¿Es el amor un arte? En tal caso, requiere conocimiento y esfuerzo.
¿O es el amor una sensación placentera, cuya experiencia es una
cuestión de azar, algo con lo que uno «tropieza» si tiene suerte? Este
libro se basa en la primera premisa, si bien es indudable que la
mayoría de la gente de hoy cree en la segunda.
No se trata de que la gente piense que el amor carece de
importancia.

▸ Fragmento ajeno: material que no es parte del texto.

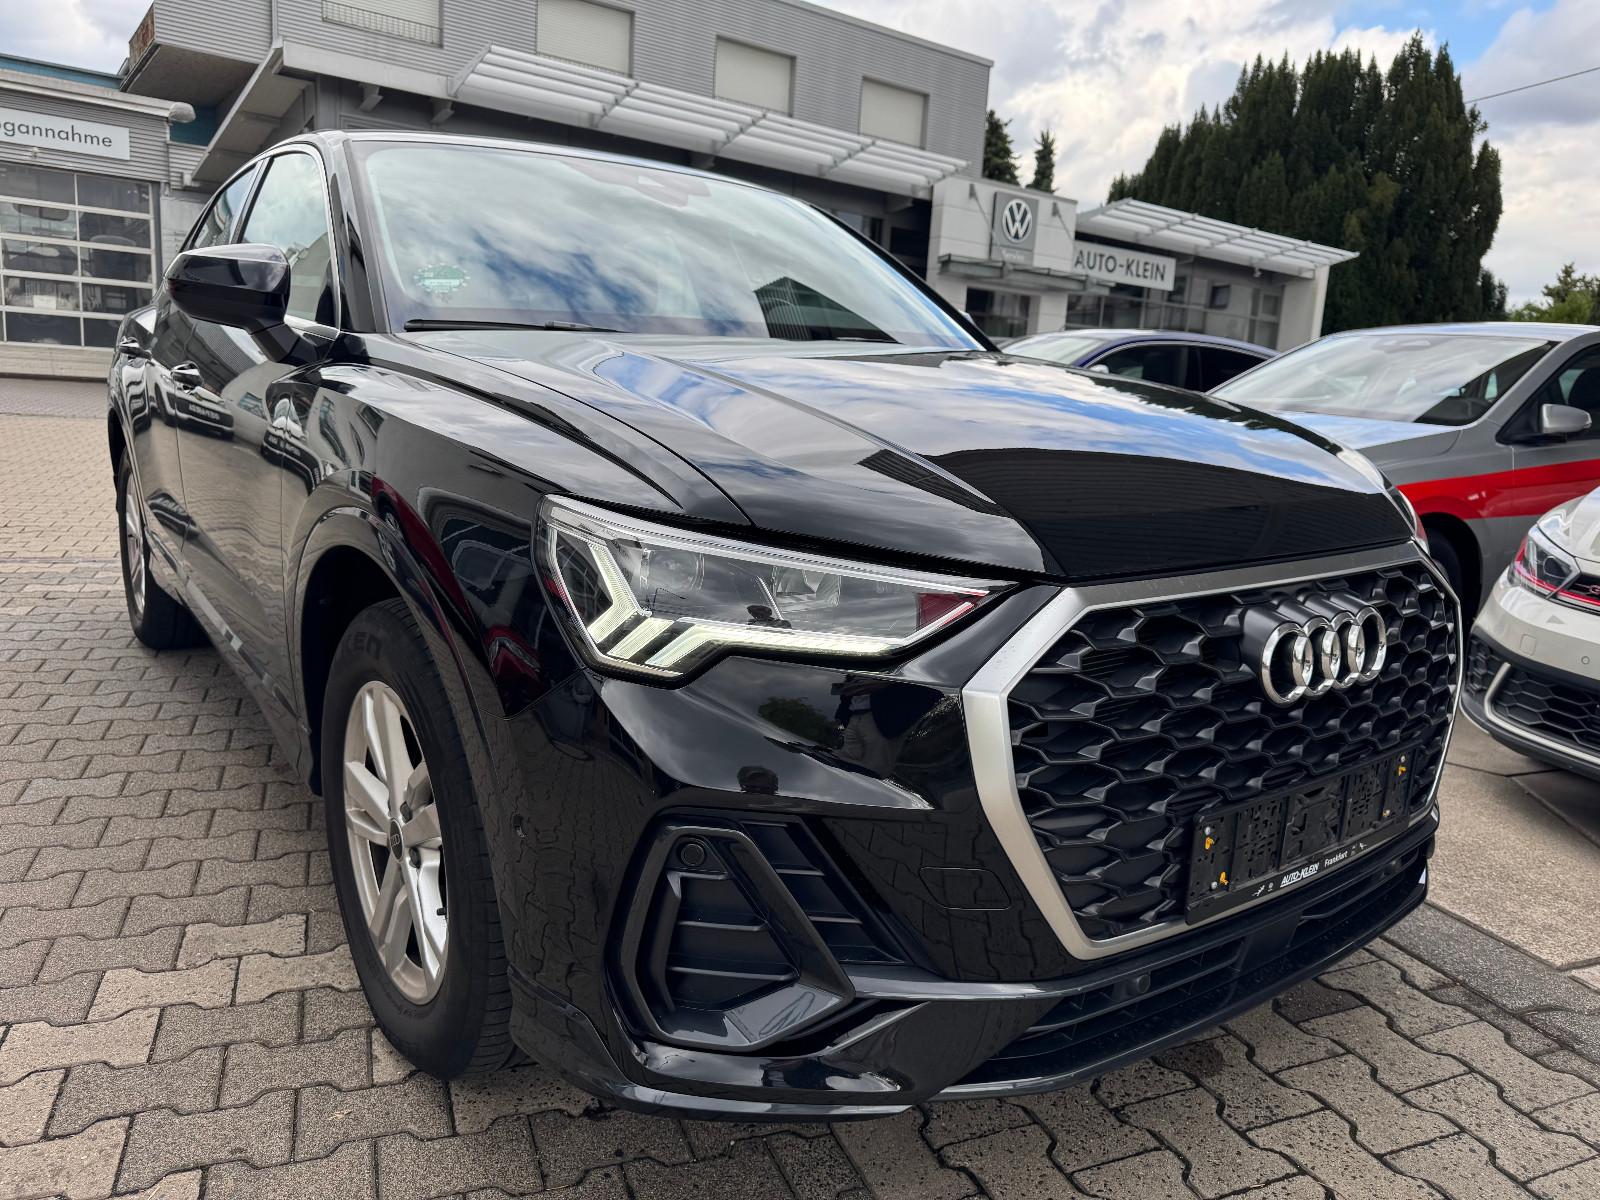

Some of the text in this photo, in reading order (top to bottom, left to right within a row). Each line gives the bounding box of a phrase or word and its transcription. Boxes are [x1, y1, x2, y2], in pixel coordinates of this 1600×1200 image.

En realidad, todos están sedientos de amor; ven
innumerables películas basadas en historias de amor felices y
desgraciadas, escuchan centenares de canciones triviales que hablan
del amor, y, sin embargo, casi nadie piensa que hay algo que
aprender acerca del amor.
Esa peculiar actitud se basa en varias premisas que, individualmente
o combinadas, tienden a sustentarla. Para la mayoría de la gente, el
problema del amor consiste fundamentalmente en ser amado, y no en
amar, no en la propia capacidad de amar. De ahí que para ellos el
problema sea cómo lograr que se los ame, cómo ser dignos de amor.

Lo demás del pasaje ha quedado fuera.